“OpenAI’s o3 Achieves a Score of 136 on the Mensa Norway Test, Outperforming 98% of Humans.”

OpenAI’s o3 Model Achieves High IQ Score
OpenAI has recently introduced its latest language model, named the "o3," which has made headlines by scoring an impressive 136 IQ on a public Mensa Norway intelligence test. This score not only surpasses the entry threshold for Mensa but also positions the o3 model above approximately 98% of humans based on standard IQ distribution.
Testing Background
The IQ score of the o3 was derived from a rolling average across seven attempts during the assessment, using a standardized bell curve. This method of benchmarking highlights the strengths of the o3 model compared to both proprietary and open-source alternatives in cognitive evaluations. The score was published through independent platform TrackingAI.org, emphasizing the trend that closed-source models often outperform their open-source counterparts in similar tests.

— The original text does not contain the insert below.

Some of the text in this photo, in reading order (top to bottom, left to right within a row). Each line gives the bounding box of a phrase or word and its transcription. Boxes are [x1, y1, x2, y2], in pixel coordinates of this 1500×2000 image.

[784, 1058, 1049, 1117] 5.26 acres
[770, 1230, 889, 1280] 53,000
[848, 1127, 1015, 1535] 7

O-Series Benchmarking and Results
The "o3" model is part of OpenAI’s O-series of large language models, which have excelled in various testing formats. The evaluation for o3 included two primary tests: the proprietary Offline Test from TrackingAI and the public Mensa Norway test. On the Offline Test, o3 achieved a score of 116, but it showed a significant improvement on the Mensa test, boosting its score by 20 points. This discrepancy may point to a better alignment with the structure of the Mensa test or data-related factors like familiarity with the prompts used.
Structure of Assessments
TrackingAI.org follows a systematic approach to its assessments. Each model receives a set of statements paired with four response options: Strongly Disagree, Disagree, Agree, and Strongly Agree. The model must select one and justify its choice using a brief response, typically structured for clarity. If a model refuses to answer, the prompt may be repeated multiple times to encourage a response, and the last successful attempt is recorded for scoring.
Performance Comparisons
The results from the Mensa test have clarified the performance landscape among various AI models. The o3’s score of 136 places it distinctly ahead of other top contenders, such as the GPT-4o, which scored 95 on the Mensa test and notably lower on the Offline Test with a score of 64. Among open-source models, Meta’s Llama 4 Maverick scored 106 on Mensa and 97 on the Offline benchmark, which highlights the performance gap between corporate-backed models and those developed through community efforts.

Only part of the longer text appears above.